Your objective –
An image-free, word-for-word version of the records below is to be returned.

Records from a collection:
══════

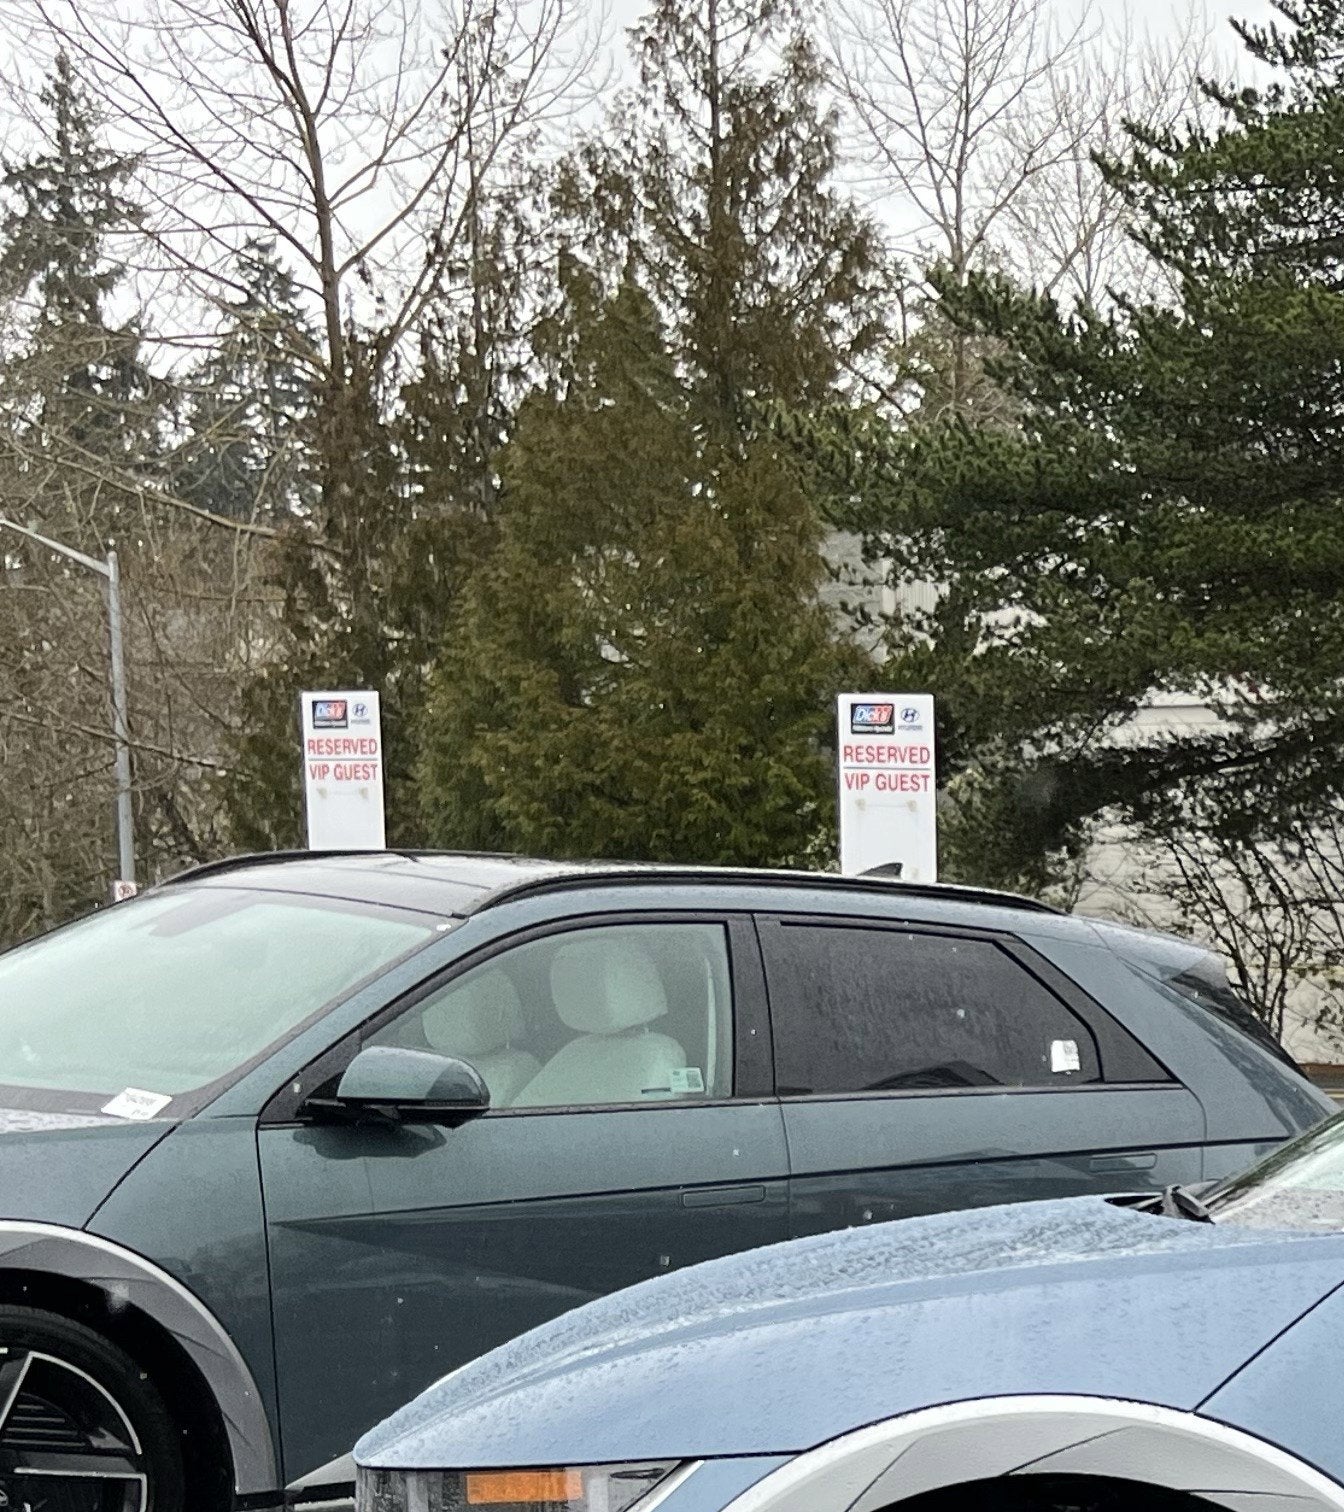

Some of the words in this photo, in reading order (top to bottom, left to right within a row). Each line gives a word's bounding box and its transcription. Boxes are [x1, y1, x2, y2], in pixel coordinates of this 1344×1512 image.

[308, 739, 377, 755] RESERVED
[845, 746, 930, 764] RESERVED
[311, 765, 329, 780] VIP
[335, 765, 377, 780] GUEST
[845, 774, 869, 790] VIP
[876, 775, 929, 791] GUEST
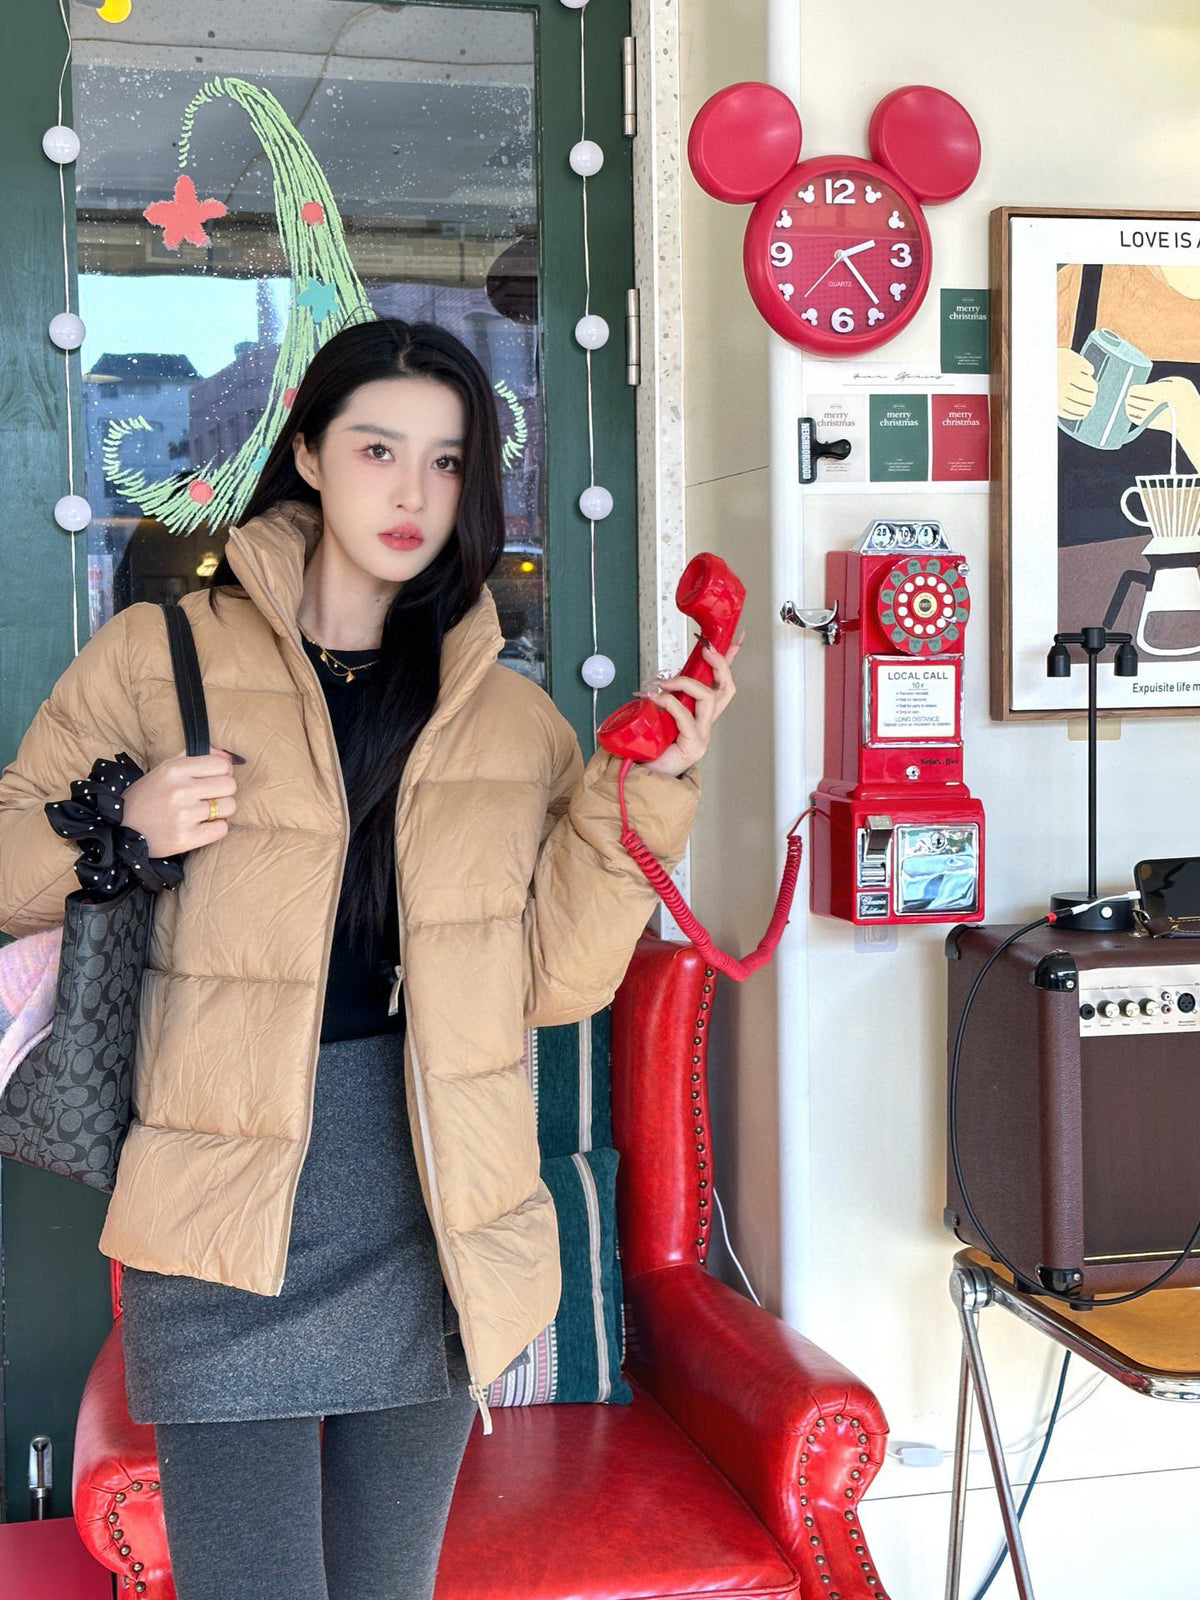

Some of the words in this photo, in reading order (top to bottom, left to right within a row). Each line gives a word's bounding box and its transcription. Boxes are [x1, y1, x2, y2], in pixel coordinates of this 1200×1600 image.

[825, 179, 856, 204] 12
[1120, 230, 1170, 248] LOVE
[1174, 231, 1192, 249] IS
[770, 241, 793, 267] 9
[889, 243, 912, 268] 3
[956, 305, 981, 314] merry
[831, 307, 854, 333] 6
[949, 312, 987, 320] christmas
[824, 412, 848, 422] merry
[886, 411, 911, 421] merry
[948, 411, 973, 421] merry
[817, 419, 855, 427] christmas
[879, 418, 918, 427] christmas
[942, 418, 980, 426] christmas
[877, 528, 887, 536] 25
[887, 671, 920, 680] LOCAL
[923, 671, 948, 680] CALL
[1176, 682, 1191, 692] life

══════

Response area –
Some of the words in this photo, in reading order (top to bottom, left to right within a row). Each line gives a word's bounding box and its transcription. Boxes are [x1, y1, x2, y2], in pixel coordinates of this 1344×1512 image.

[308, 739, 377, 755] RESERVED
[845, 746, 930, 764] RESERVED
[311, 765, 329, 780] VIP
[335, 765, 377, 780] GUEST
[845, 774, 869, 790] VIP
[876, 775, 929, 791] GUEST

Some of the words in this photo, in reading order (top to bottom, left to right within a row). Each line gives a word's bounding box and its transcription. Boxes are [x1, y1, x2, y2], in pixel coordinates of this 1200×1600 image.

[825, 179, 856, 204] 12
[1120, 230, 1170, 248] LOVE
[1174, 231, 1192, 249] IS
[770, 241, 793, 267] 9
[889, 243, 912, 268] 3
[956, 305, 981, 314] merry
[831, 307, 854, 333] 6
[949, 312, 987, 320] christmas
[824, 412, 848, 422] merry
[886, 411, 911, 421] merry
[948, 411, 973, 421] merry
[817, 419, 855, 427] christmas
[879, 418, 918, 427] christmas
[942, 418, 980, 426] christmas
[877, 528, 887, 536] 25
[887, 671, 920, 680] LOCAL
[923, 671, 948, 680] CALL
[1176, 682, 1191, 692] life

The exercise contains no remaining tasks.